[Spatial localization data]
####################

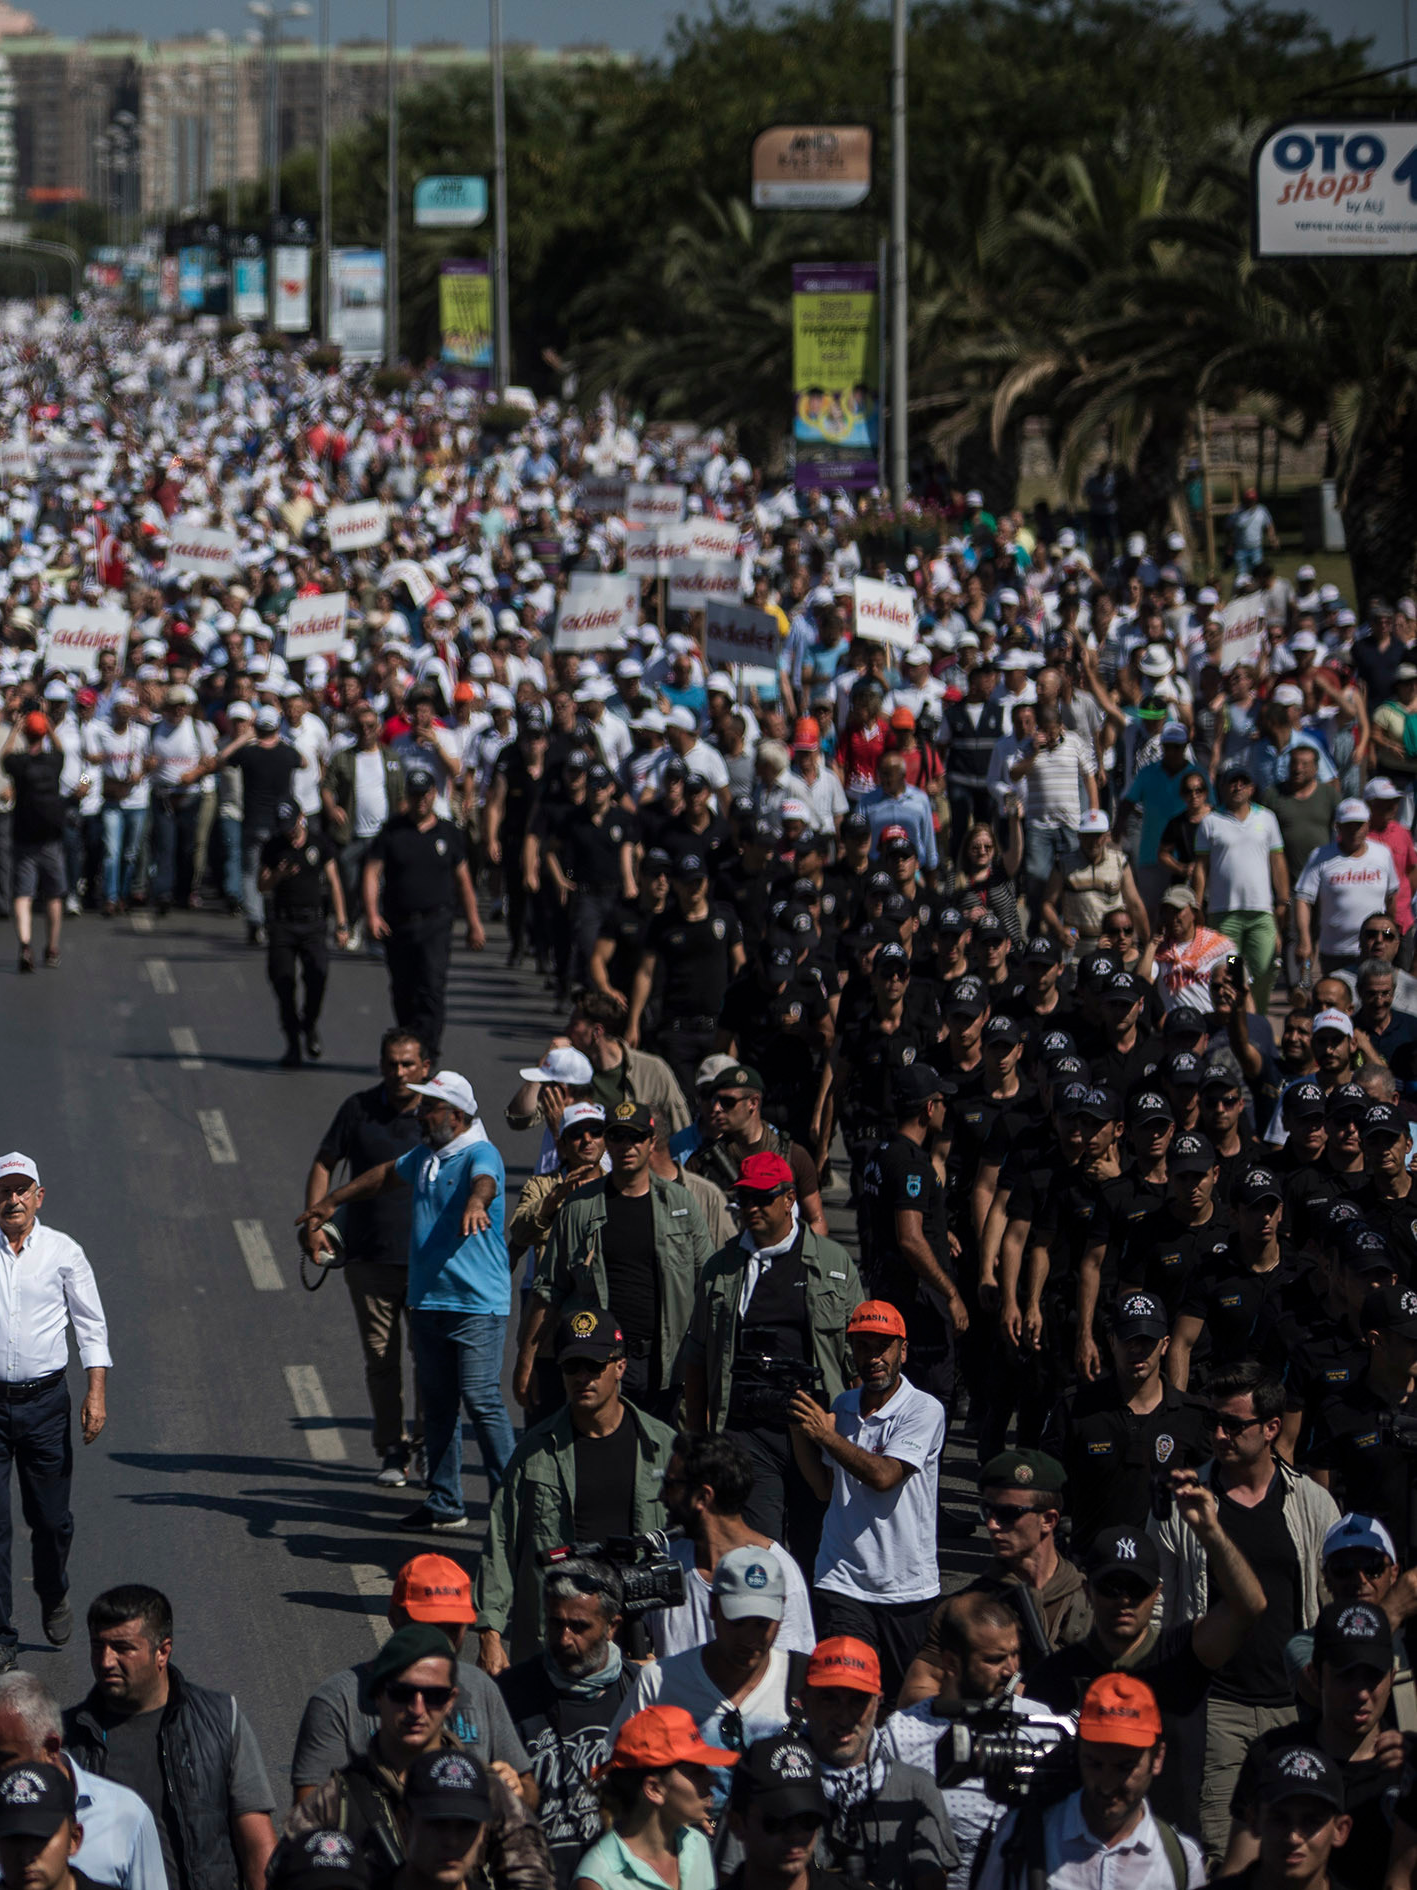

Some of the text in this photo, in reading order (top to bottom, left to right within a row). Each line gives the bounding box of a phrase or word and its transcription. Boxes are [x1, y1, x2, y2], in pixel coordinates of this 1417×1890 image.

[1273, 133, 1387, 174] OTO
[1276, 168, 1378, 207] shops
[1346, 200, 1361, 215] by
[859, 598, 915, 627] adalet
[289, 613, 345, 640] adalet
[52, 627, 123, 652] adalet
[1330, 868, 1383, 886] adalet
[860, 1313, 888, 1324] BASIN
[1116, 1535, 1136, 1560] NY
[424, 1585, 462, 1599] BASIN
[823, 1655, 866, 1671] BASIN

####################

Keeping the pictures out, print the entries above exactly as written.

- [ANSWER FOR THIS EXERCISE]:
Some of the text in this photo, in reading order (top to bottom, left to right within a row). Each line gives the bounding box of a phrase or word and its transcription. Boxes are [x1, y1, x2, y2], in pixel coordinates of this 1417×1890 image.

[1273, 133, 1387, 174] OTO
[1276, 168, 1378, 207] shops
[1346, 200, 1361, 215] by
[859, 598, 915, 627] adalet
[289, 613, 345, 640] adalet
[52, 627, 123, 652] adalet
[1330, 868, 1383, 886] adalet
[860, 1313, 888, 1324] BASIN
[1116, 1535, 1136, 1560] NY
[424, 1585, 462, 1599] BASIN
[823, 1655, 866, 1671] BASIN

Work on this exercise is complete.